## The data
::::::

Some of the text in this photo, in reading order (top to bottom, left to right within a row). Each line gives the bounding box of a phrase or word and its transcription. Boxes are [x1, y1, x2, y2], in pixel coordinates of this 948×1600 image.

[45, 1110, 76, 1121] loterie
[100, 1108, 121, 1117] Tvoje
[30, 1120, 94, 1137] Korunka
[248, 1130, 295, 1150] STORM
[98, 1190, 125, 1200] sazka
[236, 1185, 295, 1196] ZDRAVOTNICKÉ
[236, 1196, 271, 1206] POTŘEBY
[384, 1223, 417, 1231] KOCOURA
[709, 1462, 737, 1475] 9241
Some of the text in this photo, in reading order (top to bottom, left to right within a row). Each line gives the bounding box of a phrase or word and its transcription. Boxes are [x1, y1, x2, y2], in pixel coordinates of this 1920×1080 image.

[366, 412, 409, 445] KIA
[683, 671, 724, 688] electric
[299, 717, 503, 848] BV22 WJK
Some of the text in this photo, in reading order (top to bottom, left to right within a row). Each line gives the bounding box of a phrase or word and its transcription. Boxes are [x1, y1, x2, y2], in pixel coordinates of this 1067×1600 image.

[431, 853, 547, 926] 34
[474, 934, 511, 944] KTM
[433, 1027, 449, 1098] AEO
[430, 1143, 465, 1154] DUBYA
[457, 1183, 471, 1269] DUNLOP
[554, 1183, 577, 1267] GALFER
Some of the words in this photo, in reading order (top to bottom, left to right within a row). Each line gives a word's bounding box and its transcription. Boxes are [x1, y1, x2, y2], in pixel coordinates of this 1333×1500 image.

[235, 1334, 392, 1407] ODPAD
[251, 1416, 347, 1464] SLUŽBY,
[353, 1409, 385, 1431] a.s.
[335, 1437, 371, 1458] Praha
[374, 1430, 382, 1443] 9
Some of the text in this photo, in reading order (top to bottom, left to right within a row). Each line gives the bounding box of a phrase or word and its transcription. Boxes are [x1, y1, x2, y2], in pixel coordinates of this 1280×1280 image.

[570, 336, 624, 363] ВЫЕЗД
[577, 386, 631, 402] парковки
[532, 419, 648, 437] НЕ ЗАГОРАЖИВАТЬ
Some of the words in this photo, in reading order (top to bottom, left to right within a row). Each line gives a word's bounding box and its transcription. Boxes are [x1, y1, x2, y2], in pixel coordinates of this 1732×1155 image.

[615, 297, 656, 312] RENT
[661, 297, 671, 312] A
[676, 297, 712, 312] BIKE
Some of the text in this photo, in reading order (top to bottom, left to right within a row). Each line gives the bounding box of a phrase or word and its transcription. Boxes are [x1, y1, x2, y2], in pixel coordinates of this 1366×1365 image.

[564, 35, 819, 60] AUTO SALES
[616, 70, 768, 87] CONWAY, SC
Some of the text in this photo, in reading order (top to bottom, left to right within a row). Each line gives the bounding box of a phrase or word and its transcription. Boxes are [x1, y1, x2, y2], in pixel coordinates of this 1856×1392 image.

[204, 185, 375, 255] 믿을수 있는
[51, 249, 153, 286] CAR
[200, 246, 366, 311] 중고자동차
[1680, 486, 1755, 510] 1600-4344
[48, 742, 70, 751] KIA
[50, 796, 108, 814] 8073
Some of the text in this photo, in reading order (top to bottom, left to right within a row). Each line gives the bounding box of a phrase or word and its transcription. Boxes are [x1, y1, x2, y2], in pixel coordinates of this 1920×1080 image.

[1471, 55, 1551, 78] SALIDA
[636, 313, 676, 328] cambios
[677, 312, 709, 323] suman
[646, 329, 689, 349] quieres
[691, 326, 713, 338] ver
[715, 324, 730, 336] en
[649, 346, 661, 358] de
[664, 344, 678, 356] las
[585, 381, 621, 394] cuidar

::::::

## Exercise objective
The full listing above should be reproduced exactly.

## Output
Some of the text in this photo, in reading order (top to bottom, left to right within a row). Each line gives the bounding box of a phrase or word and its transcription. Boxes are [x1, y1, x2, y2], in pixel coordinates of this 948×1600 image.

[45, 1110, 76, 1121] loterie
[100, 1108, 121, 1117] Tvoje
[30, 1120, 94, 1137] Korunka
[248, 1130, 295, 1150] STORM
[98, 1190, 125, 1200] sazka
[236, 1185, 295, 1196] ZDRAVOTNICKÉ
[236, 1196, 271, 1206] POTŘEBY
[384, 1223, 417, 1231] KOCOURA
[709, 1462, 737, 1475] 9241
Some of the text in this photo, in reading order (top to bottom, left to right within a row). Each line gives the bounding box of a phrase or word and its transcription. Boxes are [x1, y1, x2, y2], in pixel coordinates of this 1920×1080 image.

[366, 412, 409, 445] KIA
[683, 671, 724, 688] electric
[299, 717, 503, 848] BV22 WJK
Some of the text in this photo, in reading order (top to bottom, left to right within a row). Each line gives the bounding box of a phrase or word and its transcription. Boxes are [x1, y1, x2, y2], in pixel coordinates of this 1067×1600 image.

[431, 853, 547, 926] 34
[474, 934, 511, 944] KTM
[433, 1027, 449, 1098] AEO
[430, 1143, 465, 1154] DUBYA
[457, 1183, 471, 1269] DUNLOP
[554, 1183, 577, 1267] GALFER
Some of the words in this photo, in reading order (top to bottom, left to right within a row). Each line gives a word's bounding box and its transcription. Boxes are [x1, y1, x2, y2], in pixel coordinates of this 1333×1500 image.

[235, 1334, 392, 1407] ODPAD
[251, 1416, 347, 1464] SLUŽBY,
[353, 1409, 385, 1431] a.s.
[335, 1437, 371, 1458] Praha
[374, 1430, 382, 1443] 9
Some of the text in this photo, in reading order (top to bottom, left to right within a row). Each line gives the bounding box of a phrase or word and its transcription. Boxes are [x1, y1, x2, y2], in pixel coordinates of this 1280×1280 image.

[570, 336, 624, 363] ВЫЕЗД
[577, 386, 631, 402] парковки
[532, 419, 648, 437] НЕ ЗАГОРАЖИВАТЬ
Some of the words in this photo, in reading order (top to bottom, left to right within a row). Each line gives a word's bounding box and its transcription. Boxes are [x1, y1, x2, y2], in pixel coordinates of this 1732×1155 image.

[615, 297, 656, 312] RENT
[661, 297, 671, 312] A
[676, 297, 712, 312] BIKE
Some of the text in this photo, in reading order (top to bottom, left to right within a row). Each line gives the bounding box of a phrase or word and its transcription. Boxes are [x1, y1, x2, y2], in pixel coordinates of this 1366×1365 image.

[564, 35, 819, 60] AUTO SALES
[616, 70, 768, 87] CONWAY, SC
Some of the text in this photo, in reading order (top to bottom, left to right within a row). Each line gives the bounding box of a phrase or word and its transcription. Boxes are [x1, y1, x2, y2], in pixel coordinates of this 1856×1392 image.

[204, 185, 375, 255] 믿을수 있는
[51, 249, 153, 286] CAR
[200, 246, 366, 311] 중고자동차
[1680, 486, 1755, 510] 1600-4344
[48, 742, 70, 751] KIA
[50, 796, 108, 814] 8073
Some of the text in this photo, in reading order (top to bottom, left to right within a row). Each line gives the bounding box of a phrase or word and its transcription. Boxes are [x1, y1, x2, y2], in pixel coordinates of this 1920×1080 image.

[1471, 55, 1551, 78] SALIDA
[636, 313, 676, 328] cambios
[677, 312, 709, 323] suman
[646, 329, 689, 349] quieres
[691, 326, 713, 338] ver
[715, 324, 730, 336] en
[649, 346, 661, 358] de
[664, 344, 678, 356] las
[585, 381, 621, 394] cuidar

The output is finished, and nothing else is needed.